Kiarostami died July 4 in Paris. The loss wasn’t just to his homeland Iran, but to the entire world.
Iran is this week’s enemy. It’s been reported that Steve Bannon’s computer password was “Sparta.” One wonders if the man gets his news of Persia from the movie 300. Misinformation and prejudice makes “A Life in Film: Remembering Global Filmmaker Abbas Kiarostami” particularly important. Organized by San Jose State University’s Persis Karim—a professor of English, who also teaches courses on ethnic literature and global Muslim culture—the event features San Francisco’s Ahmad Kiarostami, the son of the director. He’ll be appearing with visiting scholar Hossein Khosrowjah, author of a book on the director.
“He’s brought a positive portrayal of everyday people in a nation constantly branded as an enemy,” says Karim, who sometimes screen’s Kiarostami’s 2002 film Ten for her students. “But his work isn’t an apology for the Iranian regime. Since directors there don’t have the pyrotechnic abilities of American filmmakers, they focus on the complex relationships between people.
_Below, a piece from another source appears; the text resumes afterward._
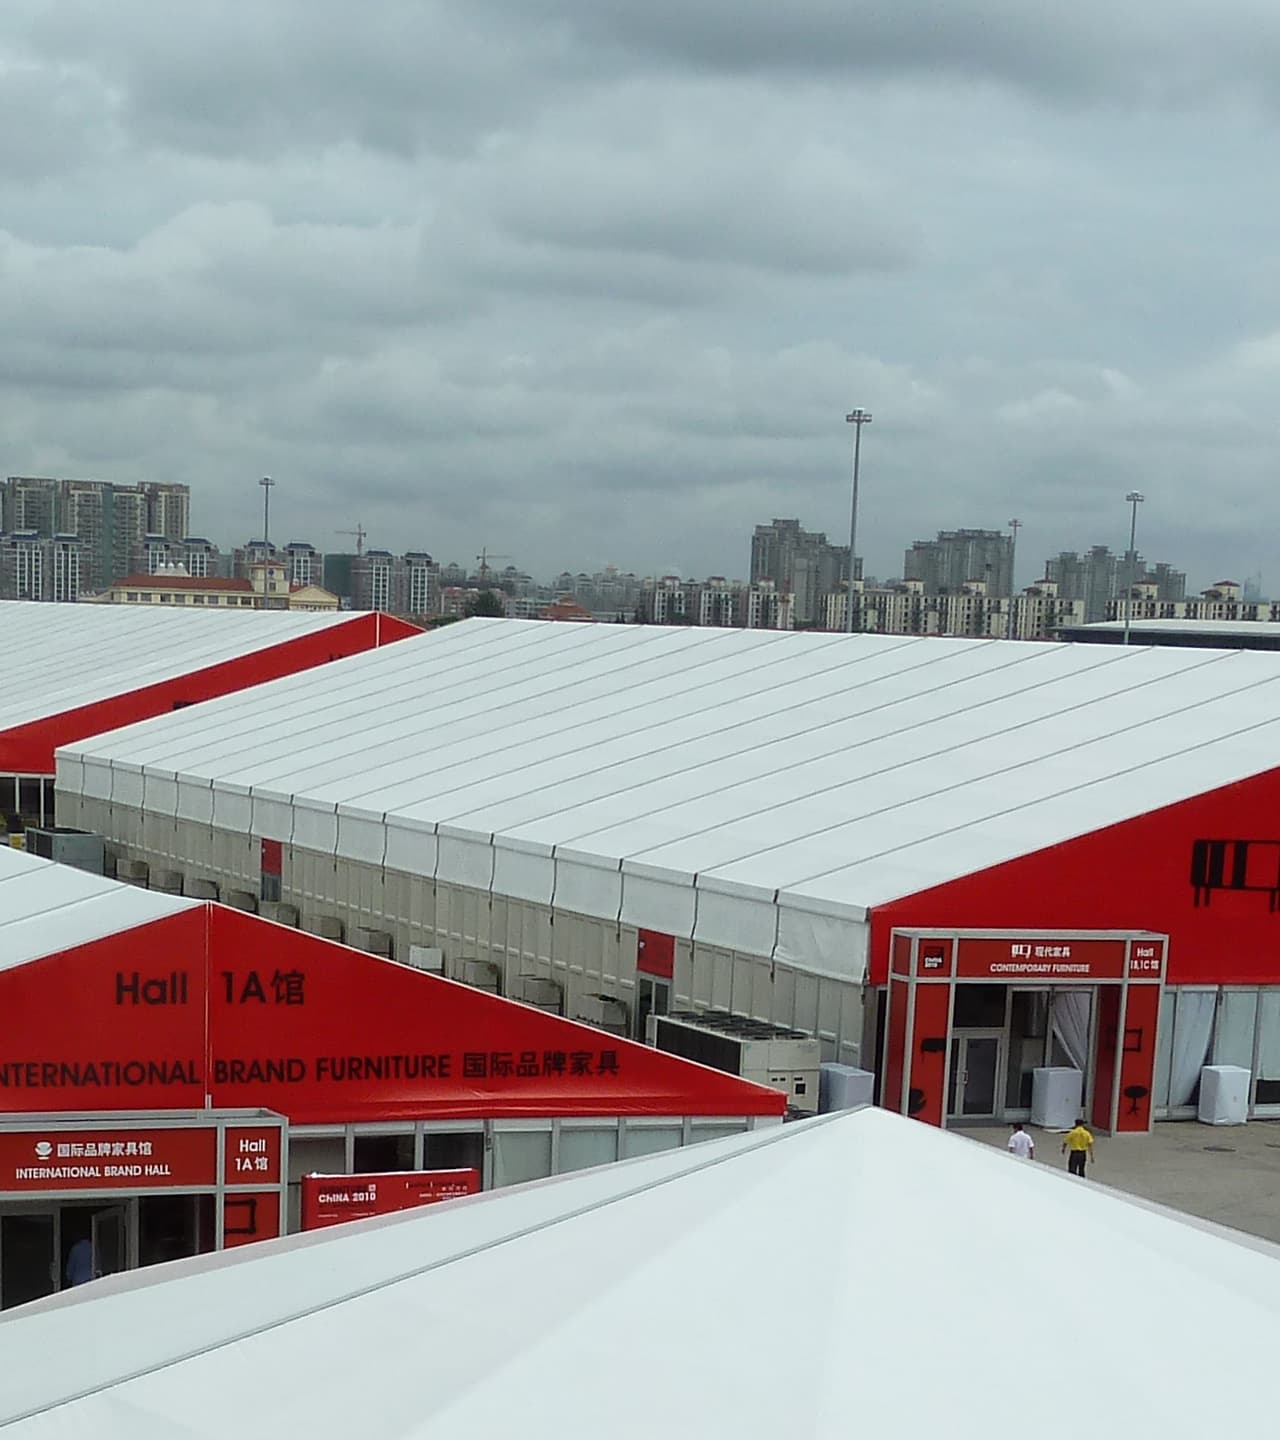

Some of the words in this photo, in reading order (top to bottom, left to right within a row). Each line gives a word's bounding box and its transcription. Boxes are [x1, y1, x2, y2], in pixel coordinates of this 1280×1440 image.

Since the characters can’t have sex explicitly, they’re challenged to express intimacy and discord in new ways.”
Karim is a U.S. citizen, but she has been personally affected by the Trump administration’s draconian travel restrictions. “I have a cousin,” Karim says, “a cancer survivor, who was waiting for a visit for her parents for Iranian New Year; her father has been a diplomat for 35 years and he can’t get into the U.S.A. I have a lot of family in Iran, and I always think of them. They’ve had a lot of deprivation because of the sanctions. Many of my students don’t know what their future holds, what their status is, or whether they want to remain in a country that is so hostile to them. I’ve lived through the hostage crisis, and then 9/11, and now this.”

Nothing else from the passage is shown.